STÄDTEBAUFÖRDERMITTEL FLIESSEN IN DEN BAYERISCHEN WALD

11 Mio. Euro für Niederbayern - über 3 Mio. Euro für den Bayerwald

28.09.2018

Neben den Bund-Länder-Städtebauförderprogrammen unterhält auch der Freistaat Bayern umfangreiche Fördermaßnahmen zur Ortsentwicklung sowie für den Städtebau. Insgesamt 194 Mio. Euro gibt der Freistaat im Jahr 2018 für seine Programme in der Bayerischen Städtebauförderung aus, dabei fließen rund 11 Mio. Euro an 29 Gemeinden in Niederbayern und über 3 Mio. Euro in die beiden Bayerwaldlandkreise Regen und Freyung-Grafenau. Mehr als 90% der Mittel aus dem Bayerischen Städtebauförderprogramm fließen in den ländlichen Raum.

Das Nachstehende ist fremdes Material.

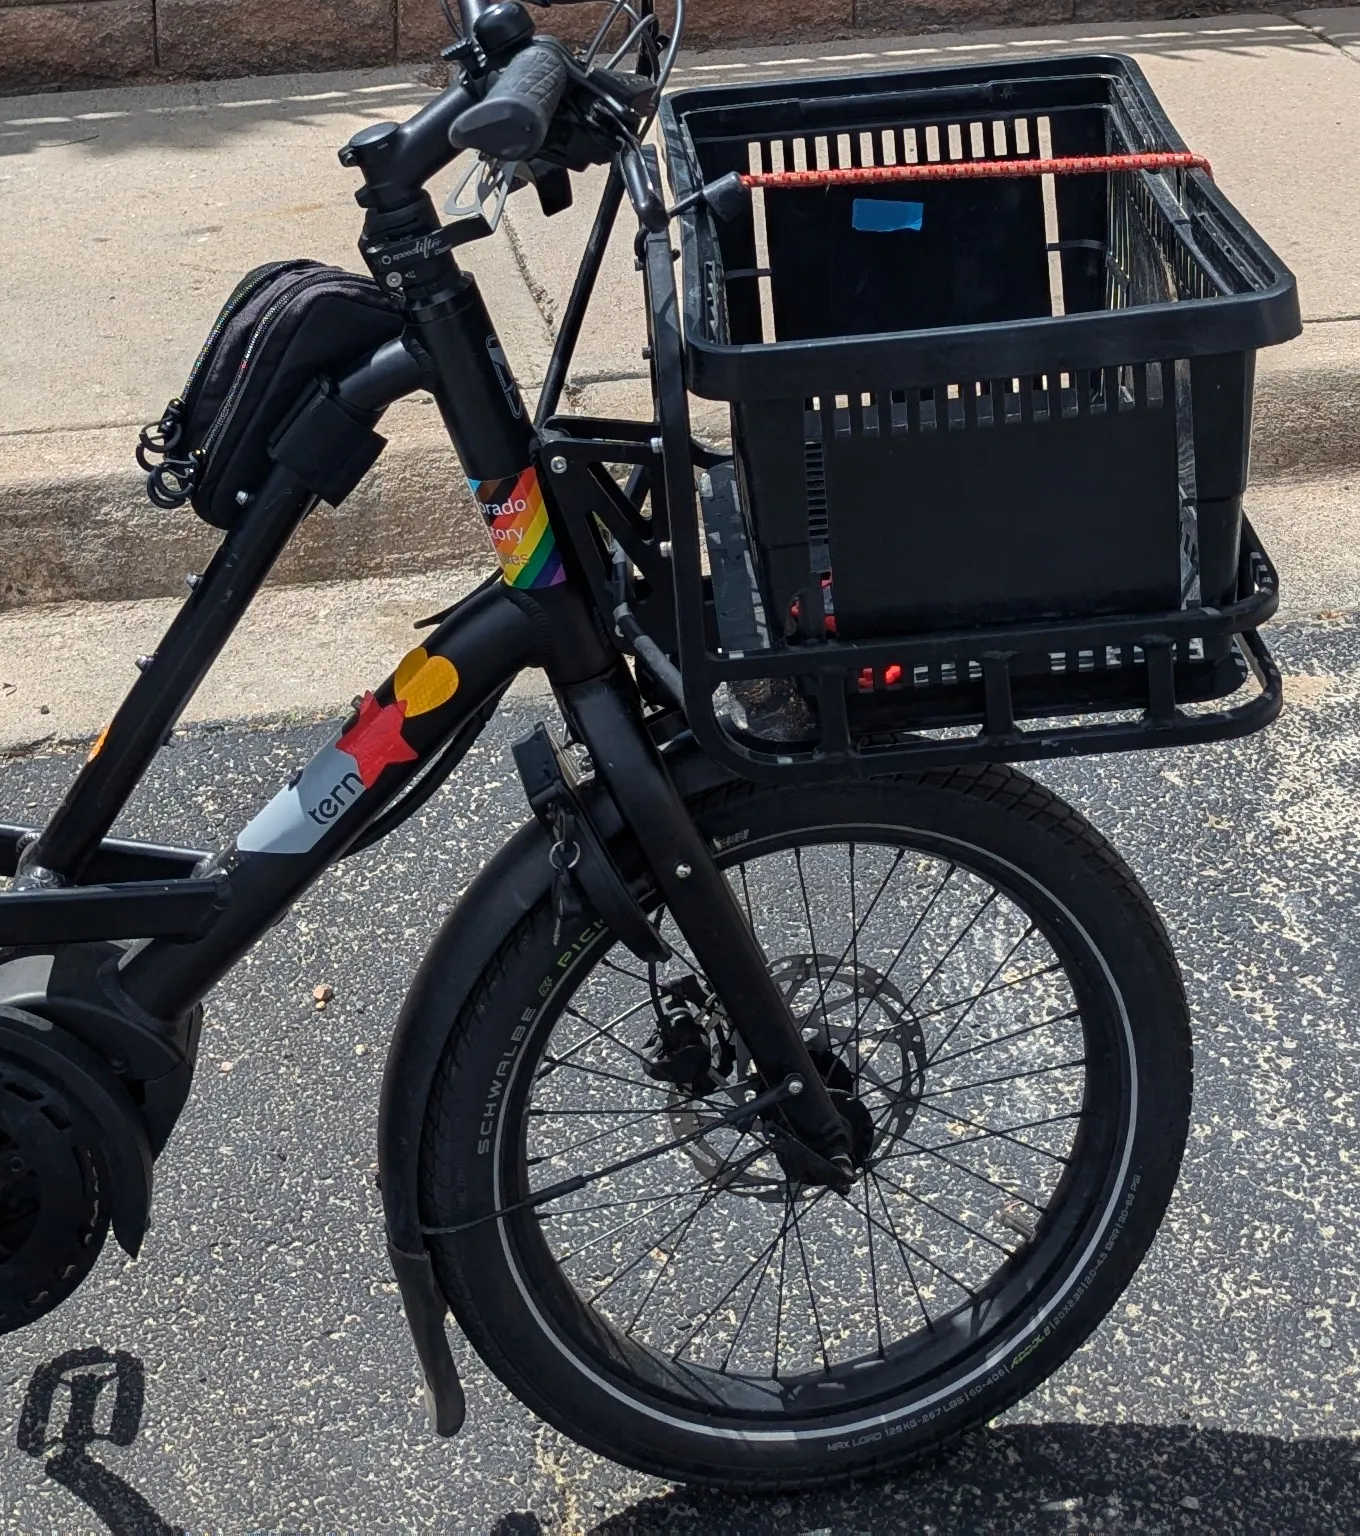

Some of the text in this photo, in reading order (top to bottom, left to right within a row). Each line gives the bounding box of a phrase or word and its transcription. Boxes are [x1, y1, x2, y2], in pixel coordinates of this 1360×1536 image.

[307, 772, 365, 825] tern
[477, 1005, 537, 1156] SCHWALBE
[851, 1432, 882, 1447] LOAD

„Entscheidend für mich bei den Bayerischen Städtebauförderprogrammen ist, dass die Städte und Gemeinden im ländlichen Raum und damit auch im Bayerischen Wald besonders profitieren. Denn damit hilft der Freistaat dabei, unsere Ortskerne zukunftsfähig weiterzuentwickeln und unsere Heimat lebenswert zu erhalten“, so der Abgeordneten Max Gibis. „Der Einsatz von mir und vieler meiner Kollegen, allen voran Helmut Brunner und Dr. Gerhard Waschler, für unsere Heimatregion in Niederbayern hat sich gelohnt. Denn der Mittelansatz für ganz Bayern konnte im Vergleich zum letzten Jahr verfünffacht werden“, freut sich MdL Max Gibis über die Entwicklung.

Neben den bereits bestehenden Programmen der „Städtebaulichen Sanierungsmaßnahmen bzw. städtebaulichen Einzelvorhaben“ und der „Revitalisierung von Industrie- und Gewerbebrachen“ hat der Freistaat Bayern im Jahr 2018 auch noch Sondermittel für die Förderinitiative zur Innenentwicklung „Innen statt Außen“ sowie zur „Flächenentsiegelung“ zur Verfügung gestellt. „Für die beiden Sonderprogramme erhalten Kommunen einen erhöhten Fördersatz von 80%“, so Max Gibis erfreut. „Das Bayerische Städtebauförderprogramm trägt damit dazu bei, dass unsere Innenstädte und Ortskerne attraktiv und lebendig bleiben.“

Von dem Geldsegen profitieren auch die beiden Bayerwaldlandkreise Regen und Freyung-Grafenau, in die insgesamt 3,054 Mio. Euro fließen. „Viele Kommunen im Bayerischen Wald sind gerade dabei, Anträge für die neuen Sonderförderprogramme, bei denen man 80% Förderung erhält, zu stellen, so dass im nächsten Jahr noch deutlich mehr Mittel in den Bayerischen Wald fließen werden“, so Gibis überzeugt.

Bei den Städtebaulichen Sanierungsmaßnahmen und Einzelvorhaben fließen 860.000 € in den Landkreis Regen, darunter 540.000 Euro nach Frauenau, 240.000 Euro nach Kirchberg i. Wald und 80.000 Euro nach Kirchdorf. i Wald. Der Landkreis Freyung-Grafenau erhält über dieses Städtebauprogramm 830.000 Euro, nämlich Neuschönau rund 800.000 Euro und Schönberg 30.000 Euro.

Beim Programm zur Revitalisierung von Industrie- und Gewerbebrachen erhält Bischofsmais im Landkreis Regen 320.000 Euro, bei der Förderinitiative zur Flächenentsiegelung fließen 120.000 Euro nach Freyung und beim neuen Sonderförderprogramm „Innen statt Außen“ bekommt die Gemeinde Neuschönau 924.000 Euro.